1. A voice section or a silent section is determined within a predetermined block length range, a ratio R _V between the voice section length and the entire block length is obtained, and k · R is calculated from a target time compression ratio R _C. _V
When (k is a constant of 1 or more) is small or equal,
Compressing the time length by compressing only the silent section, from R _C
When k · R _V takes a large value, a voice reproduction method for performing high-speed voice reproduction by performing compression at a predetermined compression ratio for a silent section or a voice section to compress a time length and repeating the above processing.
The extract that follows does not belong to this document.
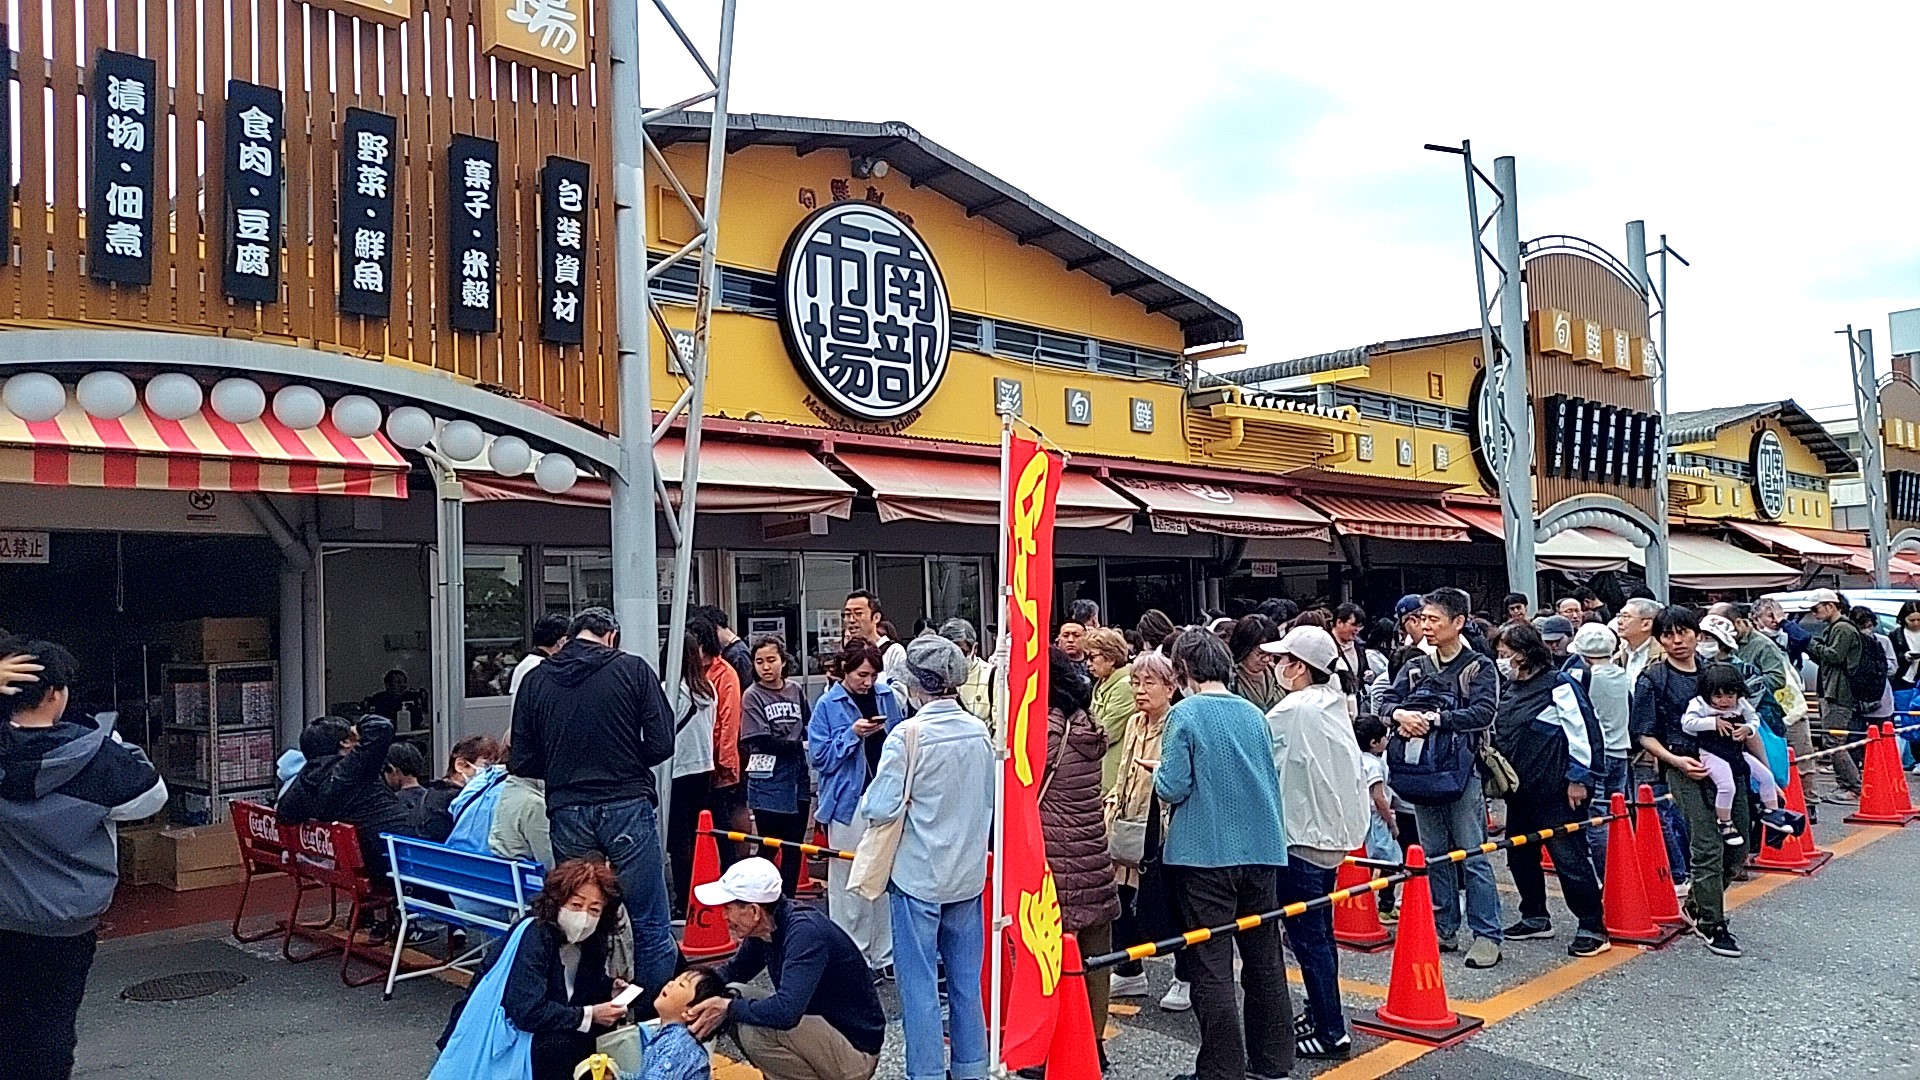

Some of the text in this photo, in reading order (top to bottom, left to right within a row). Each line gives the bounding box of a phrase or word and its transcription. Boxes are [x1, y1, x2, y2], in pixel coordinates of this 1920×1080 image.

2. A voice section or a silent section is determined within a predetermined block length range, a ratio R _V between the voice section length and the entire block length is obtained, and k / R is calculated from a target time expansion ratio R _E.
When _V (k is a constant of 1 or less) is smaller or equal value, extends the length of time by extending the silent section, from R _E
When k / R _V takes a large value, a sound reproduction method in which a sound section or a sound section is expanded at a predetermined expansion ratio to expand the time length, and the above processing is repeated to reproduce the sound at a low speed.